» **Input material**
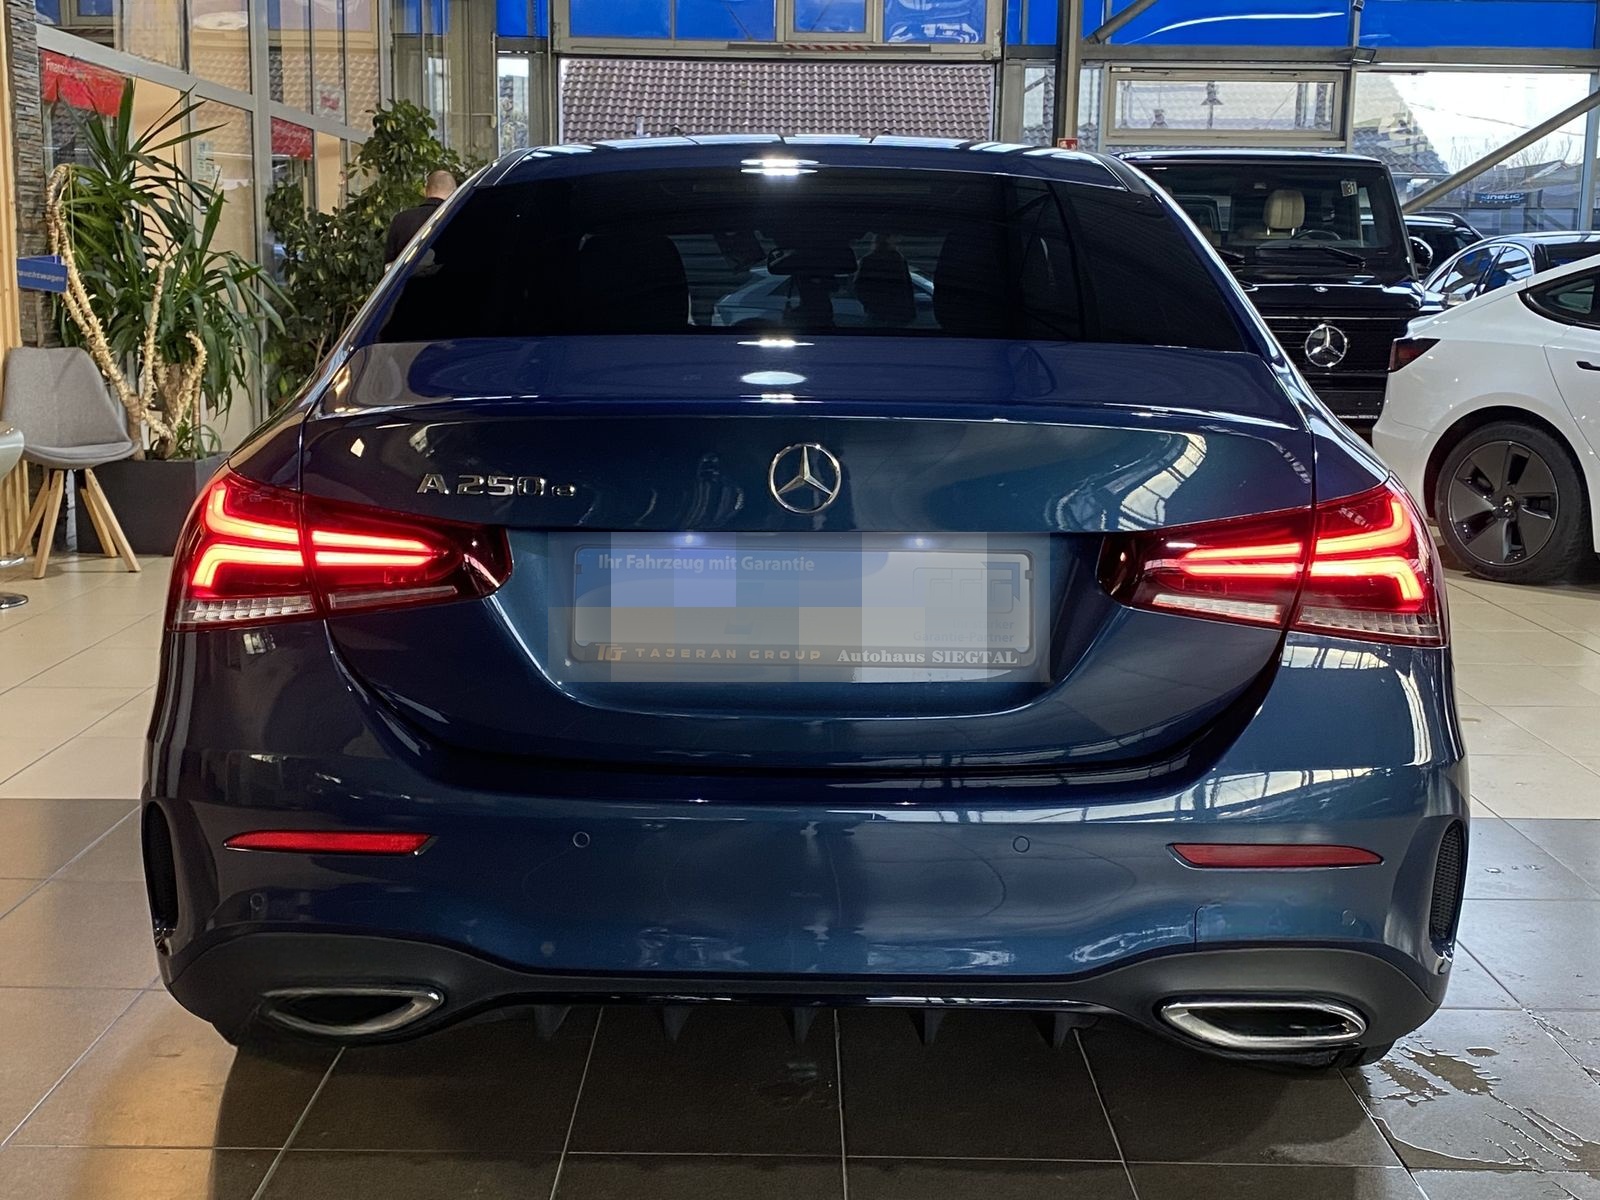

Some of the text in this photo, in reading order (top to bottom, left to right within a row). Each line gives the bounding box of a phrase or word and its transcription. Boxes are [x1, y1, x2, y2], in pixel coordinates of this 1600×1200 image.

[416, 473, 449, 495] A
[456, 474, 546, 496] 250
[598, 554, 815, 573] Ihr Fahrzeug mit Garantie
[635, 648, 736, 659] TAJERAN
[749, 650, 820, 660] GROUP
[837, 649, 1018, 664] Autohaus SIEGTAL
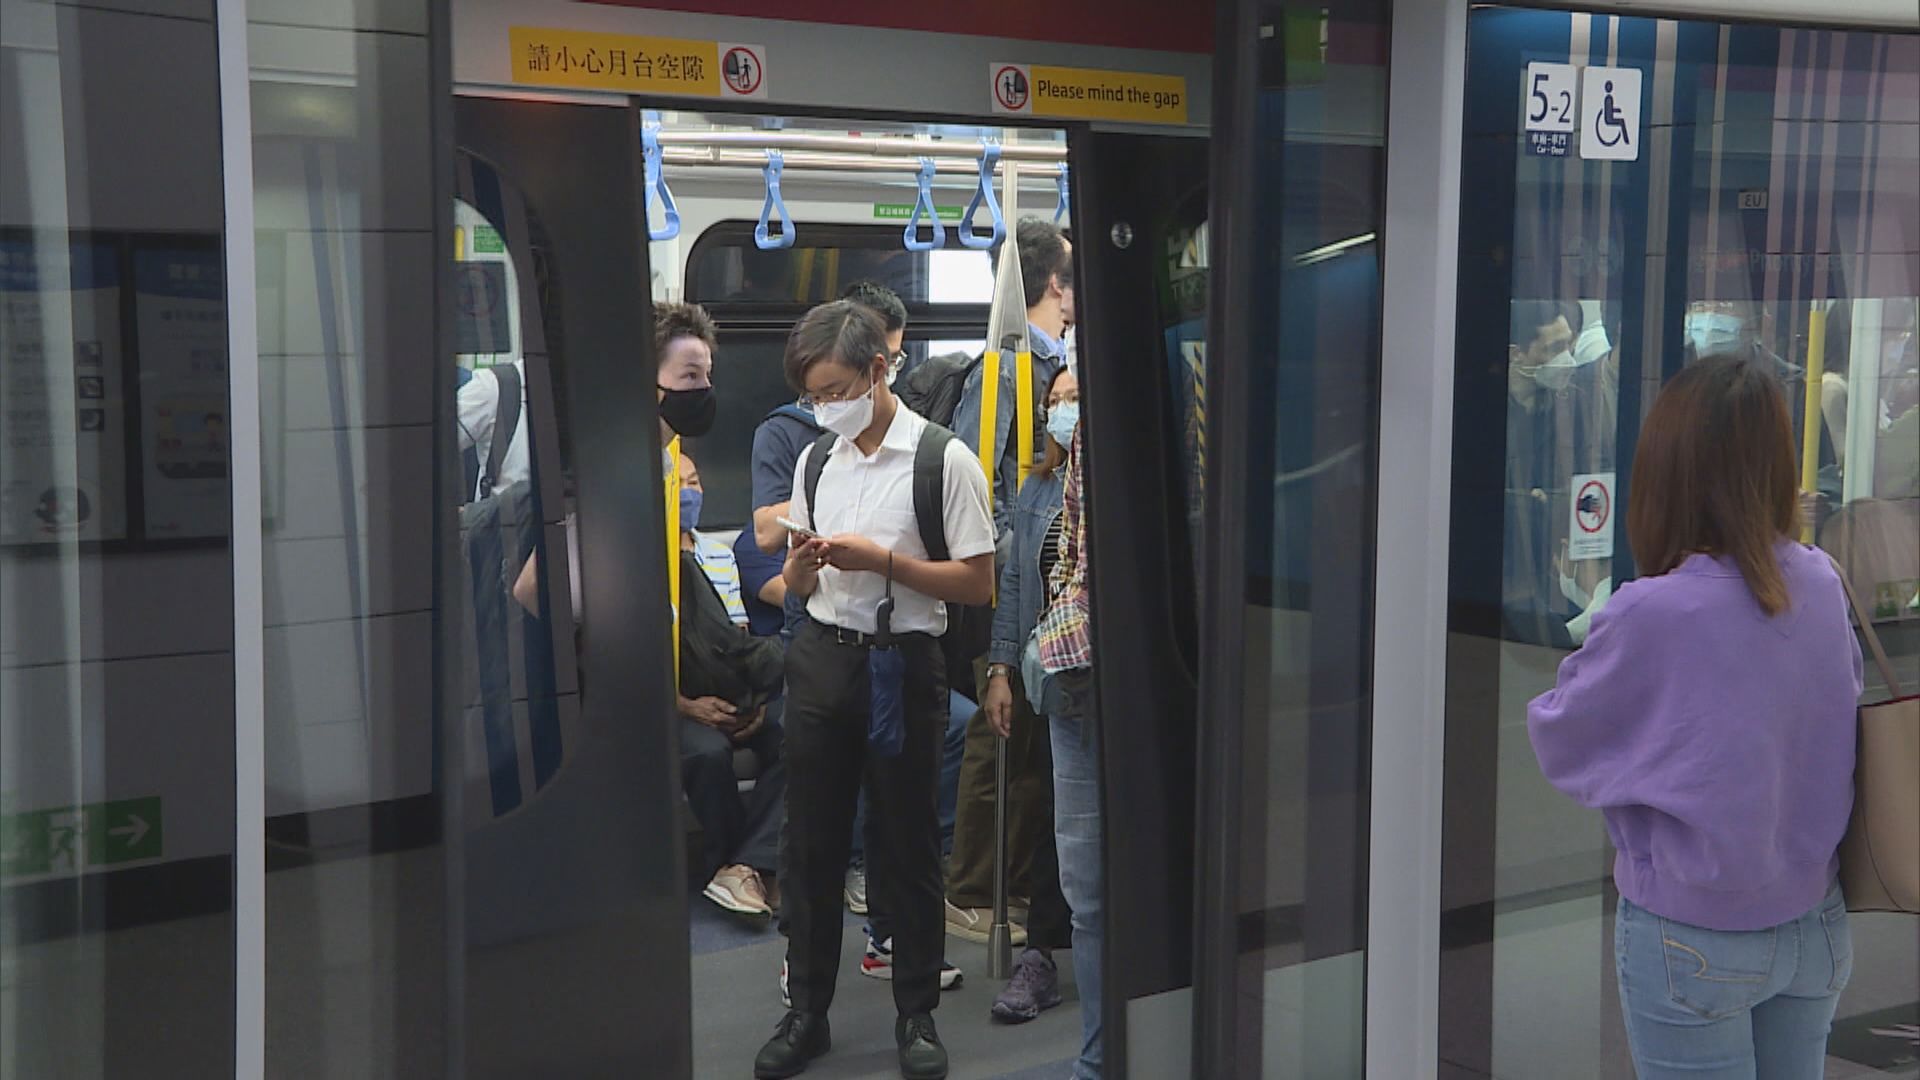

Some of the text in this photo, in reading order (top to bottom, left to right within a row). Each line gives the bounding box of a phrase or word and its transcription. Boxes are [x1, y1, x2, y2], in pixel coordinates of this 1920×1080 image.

[528, 43, 705, 81] 請小心月台空隙
[1037, 79, 1180, 109] Please mind the gap
[1530, 73, 1572, 123] 5-2
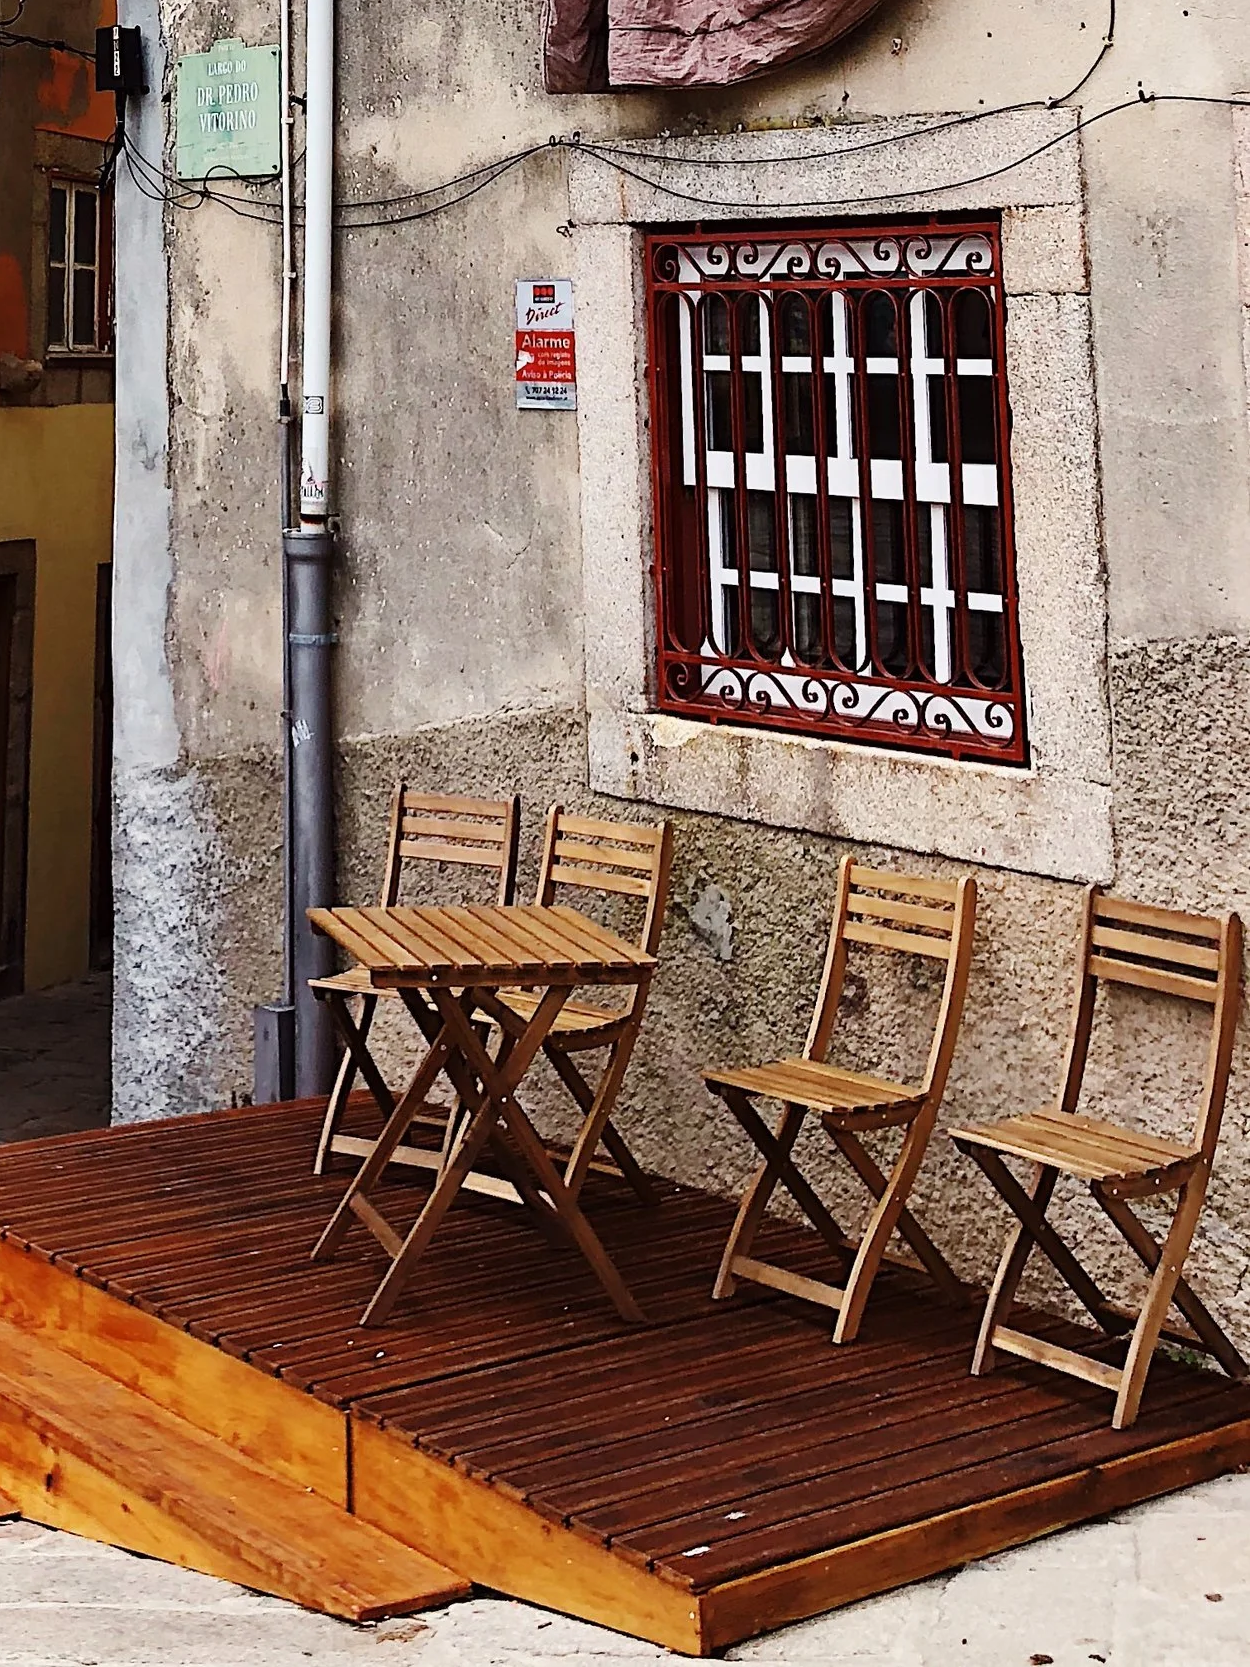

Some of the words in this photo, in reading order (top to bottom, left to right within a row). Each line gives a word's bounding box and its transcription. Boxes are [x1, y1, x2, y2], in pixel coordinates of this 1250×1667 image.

» **What you need to do**
The lines to repeat run from the line containing "this 1920×1080 image." through the end of the listing above, both included; give them exactly and without pictures.

» **Answer to this exercise**
Some of the text in this photo, in reading order (top to bottom, left to right within a row). Each line gives the bounding box of a phrase or word and its transcription. Boxes are [x1, y1, x2, y2], in pixel coordinates of this 1920×1080 image.

[528, 43, 705, 81] 請小心月台空隙
[1037, 79, 1180, 109] Please mind the gap
[1530, 73, 1572, 123] 5-2

Some of the words in this photo, in reading order (top to bottom, left to right within a row). Each line gives a word's bounding box and its transcription. Boxes are [x1, y1, x2, y2], in pixel coordinates of this 1250×1667 image.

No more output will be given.